The reaction between hydrogen and chlorine gases gives hydrogen chloride gas in the following reaction:
H2(g) + Cl2(g) = 2HCl(g)
It is found experimentally that 1 mole of H2 gas reacts with 1 mole of Cl2 gas at constant temperature and pressure, to release 184 kJ of heat. What is the enthalpy change for this reaction?
∆h=2*(-184kJ mol^-1)
= -368kJ mol^-1
is this the right answer
I don't think so. dH rxn is -184 kJ.
thanks
Yes, that is the right answer. The enthalpy change (∆H) for a chemical reaction is the amount of heat energy released or absorbed during the reaction. In this case, it is given that 1 mole of H2 gas reacts with 1 mole of Cl2 gas, which means the stoichiometric coefficient for H2 in the balanced equation is 1, and for Cl2 it is also 1.

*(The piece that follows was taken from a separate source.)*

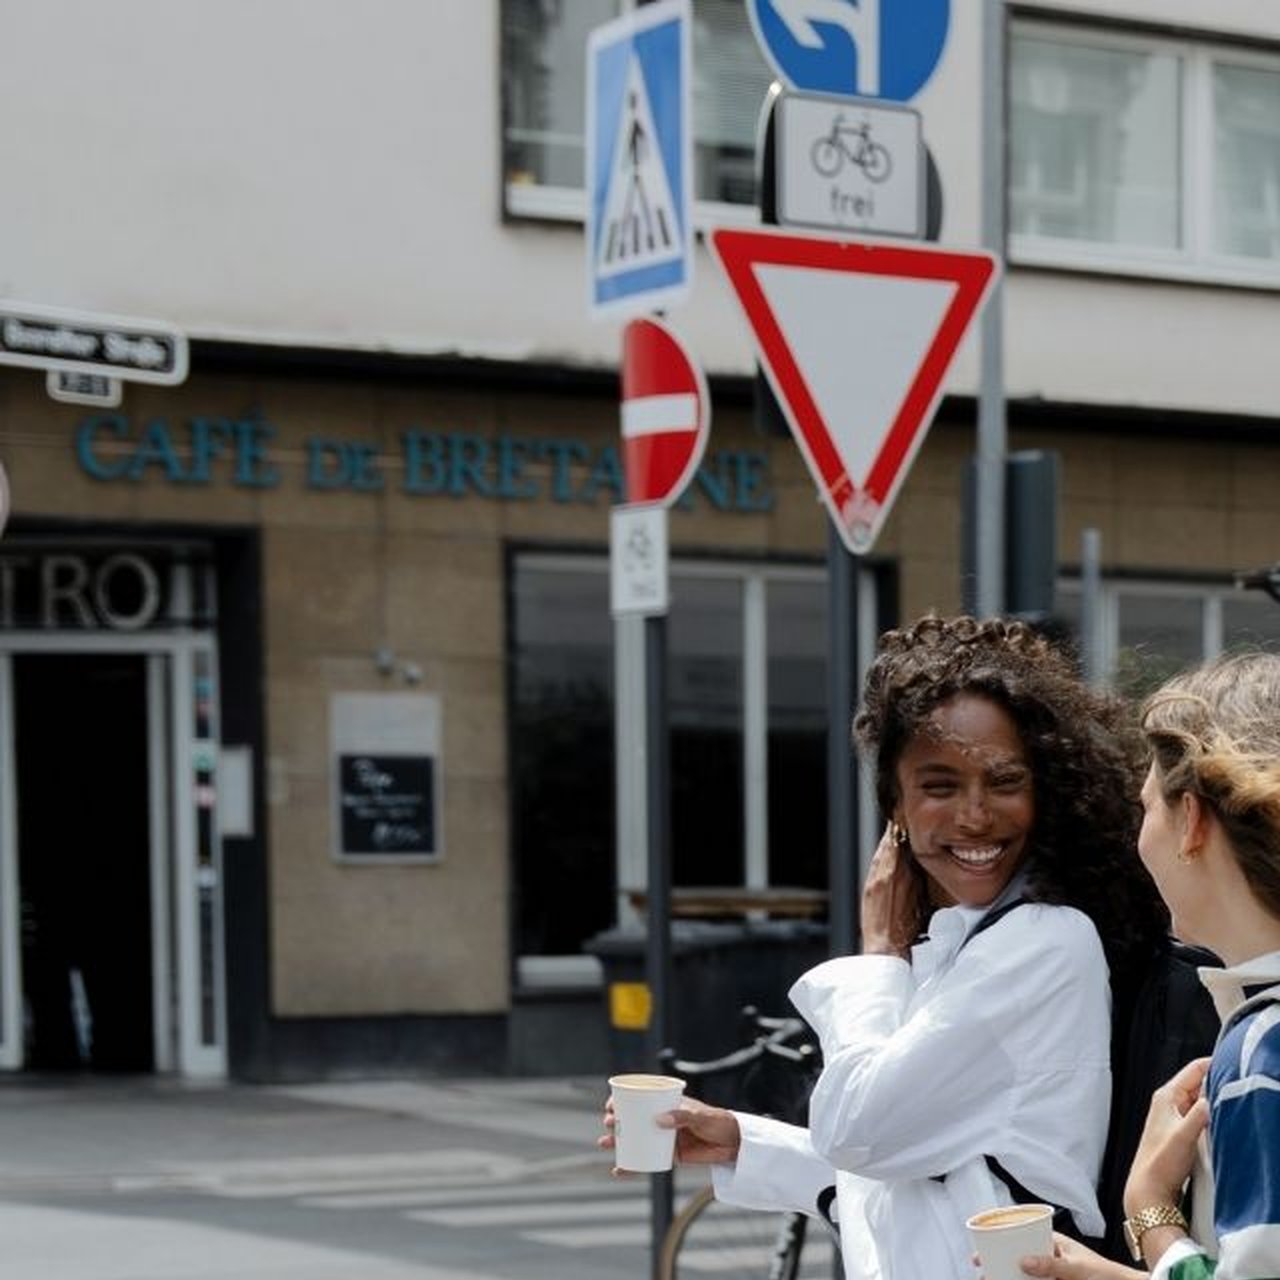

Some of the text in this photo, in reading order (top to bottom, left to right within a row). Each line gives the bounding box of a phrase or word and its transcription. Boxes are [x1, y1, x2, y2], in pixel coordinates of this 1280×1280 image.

[829, 184, 876, 218] frei
[76, 404, 776, 514] CAFÉ DE BRETANE

The given value of 184 kJ of heat released corresponds to 1 mole of H2 reacting. However, the balanced equation shows that 2 moles of HCl are formed for every mole of H2. Therefore, we need to multiply the given value by the stoichiometric coefficient of H2, which is 2.
So, the enthalpy change for the reaction is ∆H = 2 * (-184 kJ/mol) = -368 kJ/mol, which indicates that the reaction is exothermic (heat is being released).